Emerita Resources Corp. (EMO:TSX.V; EMOTF:OTCMKTS; LLJA:FSE) is a polymetallic exploration company (including gold and silver) whose operations are in Spain where it has one of the largest mineral exploration holdings in the EU at 26,000 hectares.

The company's properties are in the historic Iberian Pyrite Belt and situated west of the city and district of Seville towards the border with Portugal, as shown on the following slide.

On the above map, we can see the Iberian Pyrite Belt as the beige-colored region, and the red-shaded areas are the company's exploration properties. The westerly one, very close to the border with Portugal, is the company's Iberia Belt West (IBW) Project, where it recently applied for a mining license.

The following slide shows the district in more detail, and on this slide, it is easier to see the company's exploration properties in somewhat more detail.

The importance of the following slide is that it clarifies what targets (future mines) lie within the company's Iberian Belt West by means of the inset in the bottom right corner of it so that you can understand what they are talking about when they report on drilling progress at these individual sites.

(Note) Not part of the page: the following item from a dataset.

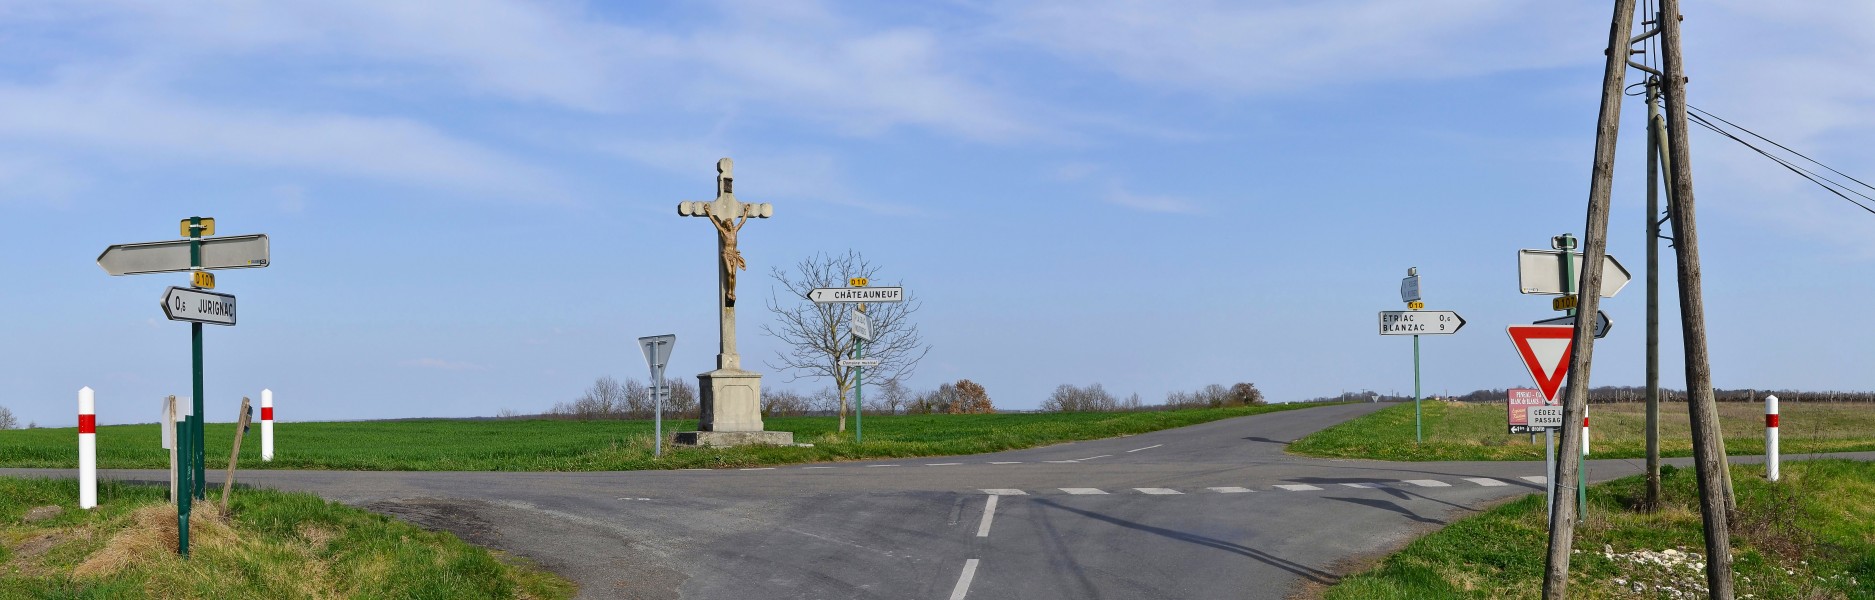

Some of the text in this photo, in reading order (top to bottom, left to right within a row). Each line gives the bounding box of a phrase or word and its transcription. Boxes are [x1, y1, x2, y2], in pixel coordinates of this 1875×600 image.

[834, 290, 898, 298] CHÂTEAUNEUF
[198, 299, 233, 317] JURIGNAC
[1383, 314, 1414, 322] ÉTRIAC
[1533, 408, 1556, 416] CÉDEZ

The more easterly of Emerita's large properties is Nuevo Tintilla, and some information about it is provided in the following slide.

Lastly, with respect to the company's properties, the Aznalcollar Project, shown in pink on the map above, is a potentially valuable addition to the company's portfolio.

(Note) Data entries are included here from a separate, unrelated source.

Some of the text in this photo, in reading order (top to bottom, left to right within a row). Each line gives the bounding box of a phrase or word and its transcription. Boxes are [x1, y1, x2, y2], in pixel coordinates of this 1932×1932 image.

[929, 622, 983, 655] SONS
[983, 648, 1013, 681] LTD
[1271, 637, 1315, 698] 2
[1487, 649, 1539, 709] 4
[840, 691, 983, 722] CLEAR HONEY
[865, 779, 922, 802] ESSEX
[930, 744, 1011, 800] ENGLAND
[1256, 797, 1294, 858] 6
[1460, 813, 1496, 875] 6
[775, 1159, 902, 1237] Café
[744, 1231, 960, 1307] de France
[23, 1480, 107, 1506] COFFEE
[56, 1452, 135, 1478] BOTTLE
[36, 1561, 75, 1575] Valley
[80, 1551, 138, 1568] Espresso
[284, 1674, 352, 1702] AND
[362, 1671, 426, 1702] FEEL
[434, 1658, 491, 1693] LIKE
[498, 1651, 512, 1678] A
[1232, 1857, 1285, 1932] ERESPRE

It is the subject of a legal dispute with a trial date set for March of next year, but it is important to note that an out-of-court settlement seems likely prior to that. The following slide gives some details of the project.

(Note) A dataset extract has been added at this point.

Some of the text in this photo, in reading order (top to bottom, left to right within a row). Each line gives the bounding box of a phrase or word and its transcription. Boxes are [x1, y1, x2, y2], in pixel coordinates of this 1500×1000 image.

A key point to note with respect to Emerita Resources is that in addition to its properties being in a very favorable location that is blessed by excellent infrastructure, the EU is moving to secure critical minerals and, to this end, has declared the area strategically important for the supply of critical metals and expedited the permitting process with strategic projects such as Emerita's eligible for additional financial support.

The following slide: WHY INVEST IN EMERITA RESOURCES? sets out interesting details about the company, in particular about the NI 43-101 Resource Estimate.

Here are the highlights of the Maiden 2023 Resource Estimate, where the figures for the IBW Project are the summations of the figures from the two targets within it, La Romanera and La Infanta.

The following slide compares Emerita with its neighbors operating in the Iberian Pyrite Belt.

Now, there follows a most important slide, which shows the huge valuation upside that has the potential to be realized through the derisking of Emerita's projects, which, of course, is what the company is working on in large part by means of its extensive ongoing drilling programs.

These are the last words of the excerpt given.